Dave Molyneux (born 21 November 1963 in Douglas, Isle of Man) is a Manx sidecar racer and chassis engineer. He is the most successful Sidecar competitor in the history of the Isle of Man TT races, achieving 17 TT victories and 30 podium finishes. His race wins place him fourth on the all-time wins list, behind solo bike racers Michael Dunlop (36 wins), Joey Dunlop (26 wins) and John McGuinness (23).

Moly, as he is often known, was the sidecar lap record holder for the Snaefell mountain course set in 2015 with a time of 19 minutes 23.056 seconds, an average race speed of 116.785 mph for one lap.

In 2013, a right-hand bend on the Snaefell Mountain Course used for TT and Manx Grand Prix races at the end of Cronk-y-Voddy Straight on the main A3 road was named Molyneux's in recognition of his wins, together with John McGuinness who was similarly honoured.

== Raceology ==

Beginning his TT career at the 1985 races, Molyneux failed to record a finish until his fifth outing in the first race at the 1987 'A' race where he placed tenth, but failed to finish in his sixth event, the 'B' race (the event is raced over two legs with the overall winner performing the best in terms of aggregate). Improvement continued 1988 with a sixth-place finish in the first leg of the Sidecar TT before retirement in the second race.

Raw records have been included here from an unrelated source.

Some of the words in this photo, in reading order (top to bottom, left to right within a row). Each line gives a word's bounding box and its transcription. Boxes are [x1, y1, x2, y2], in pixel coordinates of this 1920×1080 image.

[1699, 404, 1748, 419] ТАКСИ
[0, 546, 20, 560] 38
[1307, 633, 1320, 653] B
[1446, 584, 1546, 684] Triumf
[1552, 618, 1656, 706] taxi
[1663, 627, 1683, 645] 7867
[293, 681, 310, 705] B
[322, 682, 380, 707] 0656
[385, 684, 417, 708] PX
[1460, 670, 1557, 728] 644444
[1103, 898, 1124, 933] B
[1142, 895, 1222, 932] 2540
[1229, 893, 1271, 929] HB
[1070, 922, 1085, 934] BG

The 1989 meeting saw Molyneux begin to dominate the event with his maiden TT victory. Campaigning a Bregazzi Yamaha and partnered by experienced passenger Colin Hardman, the team took first place in the 'A' and third in the 'B' race. This resulted in Molyneux and Hardman claiming overall victory for the 1989 Sidecar TT.

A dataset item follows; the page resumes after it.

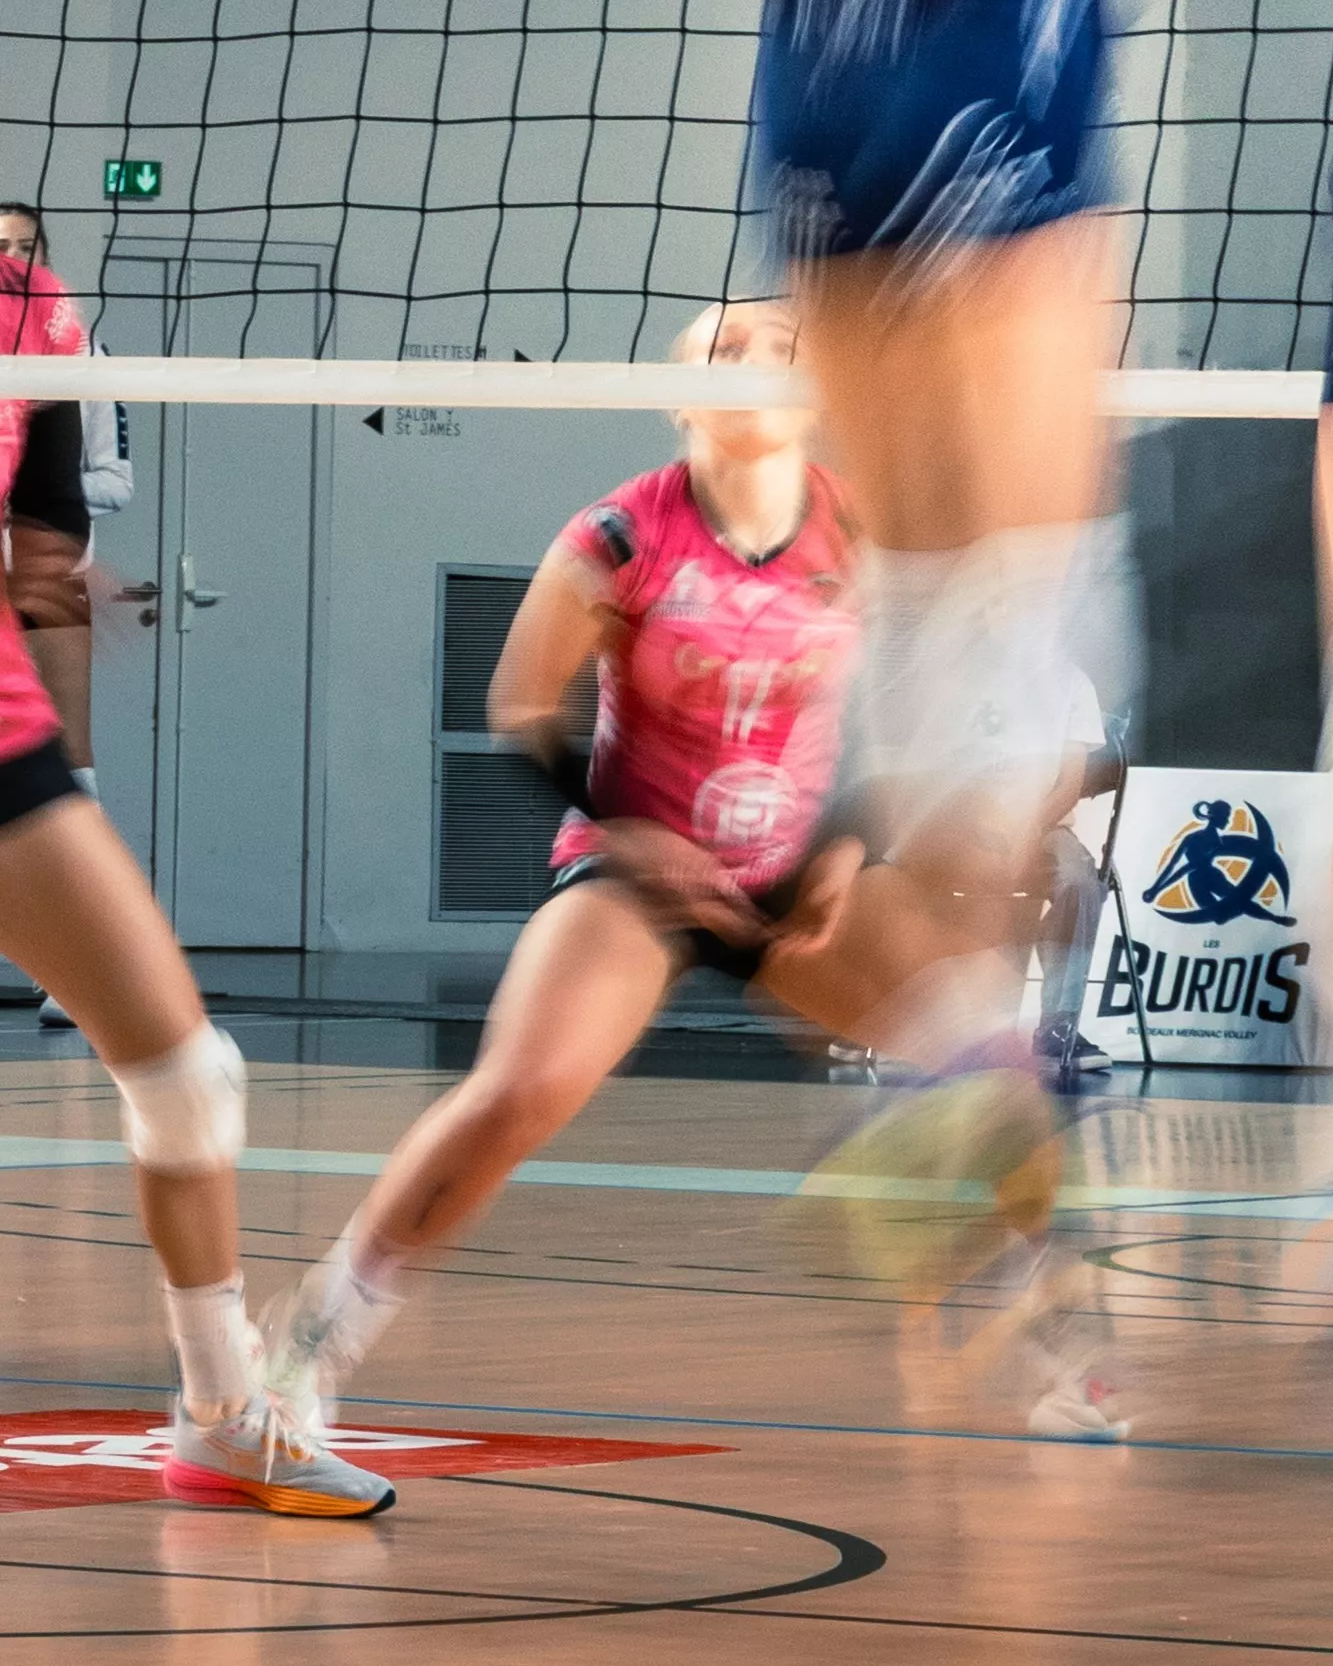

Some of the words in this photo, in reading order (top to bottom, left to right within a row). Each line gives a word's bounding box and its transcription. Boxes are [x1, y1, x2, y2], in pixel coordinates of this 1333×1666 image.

Molyneux and Craig Hallam crashed during Thursday afternoon practice session for the 2006 races at Rhencullen after the sidecar outfit experienced a 140 mph Donald Campbell "bluebird-style flip." The outfit was destroyed in the resulting fire and Molyneux was unable to compete in the actual races due to injury. He made a comeback the following year taking a double victory, bringing his tally of wins to 13 at that time.

Molyneux's 14th victory came in 2009, when he also became the first winner of a TT sidecar race on a Suzuki powered machine. The lone race of 2009 saw him set a new race record on his Suzuki, (see above).

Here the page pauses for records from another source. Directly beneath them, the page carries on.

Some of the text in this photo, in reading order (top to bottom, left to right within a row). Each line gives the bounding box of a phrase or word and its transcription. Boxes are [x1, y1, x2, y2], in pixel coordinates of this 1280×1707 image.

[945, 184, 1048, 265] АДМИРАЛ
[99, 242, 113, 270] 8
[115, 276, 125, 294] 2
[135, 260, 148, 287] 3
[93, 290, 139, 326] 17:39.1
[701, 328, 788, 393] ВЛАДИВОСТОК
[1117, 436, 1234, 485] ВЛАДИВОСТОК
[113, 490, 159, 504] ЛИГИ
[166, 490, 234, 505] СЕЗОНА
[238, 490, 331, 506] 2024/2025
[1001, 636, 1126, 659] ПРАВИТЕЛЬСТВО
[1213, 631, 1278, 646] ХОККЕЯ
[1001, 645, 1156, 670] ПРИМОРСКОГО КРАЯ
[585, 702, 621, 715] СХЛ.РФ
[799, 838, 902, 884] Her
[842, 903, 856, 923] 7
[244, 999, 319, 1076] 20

Molyneux did not compete at the TT in 2011 (although he rode the ex-Biland / O'Dell Seymaz Yamaha in the classic parade, with former TT passenger Karl Ellison), but he returned to the TT in 2012 on a Kawasaki powered machine winning both races. The first 2012 Sidecar race also made Molyneux the first ever competitor to win TTs using all four of the major Japanese manufacturers engines (Yamaha, Honda, Suzuki & Kawasaki).

2014 saw Molyneux take his 17th TT win in the second sidecar race. He led the first race by more than 20 seconds until an engine misfire caused him to stop on the final lap.

Molyneux is also a builder of road racing sidecars under the name DMR, Dave Molyneux Racing, and has supplied sidecars to many other TT winners including ten-time winner Rob Fisher, 2006 double winner Nick Crowe and six-time FIM World Champion Tim Reeves.

== Filmography ==

In 2017, Molyneux received top billing for his role in the film 3 Wheeling, an observational documentary filmed during TT period of 2016. The film premiered on 7 May 2017, followed by a limited theatrical release of 150 commercial screenings in cinemas in Northern Ireland, Germany, and the Isle of Man. Molyneux has not watched the film because he considers his racing efforts during the filming period to be "an absolute disaster", but praised the filmmakers for their hard work and ambitious promotion of Sidecar racing.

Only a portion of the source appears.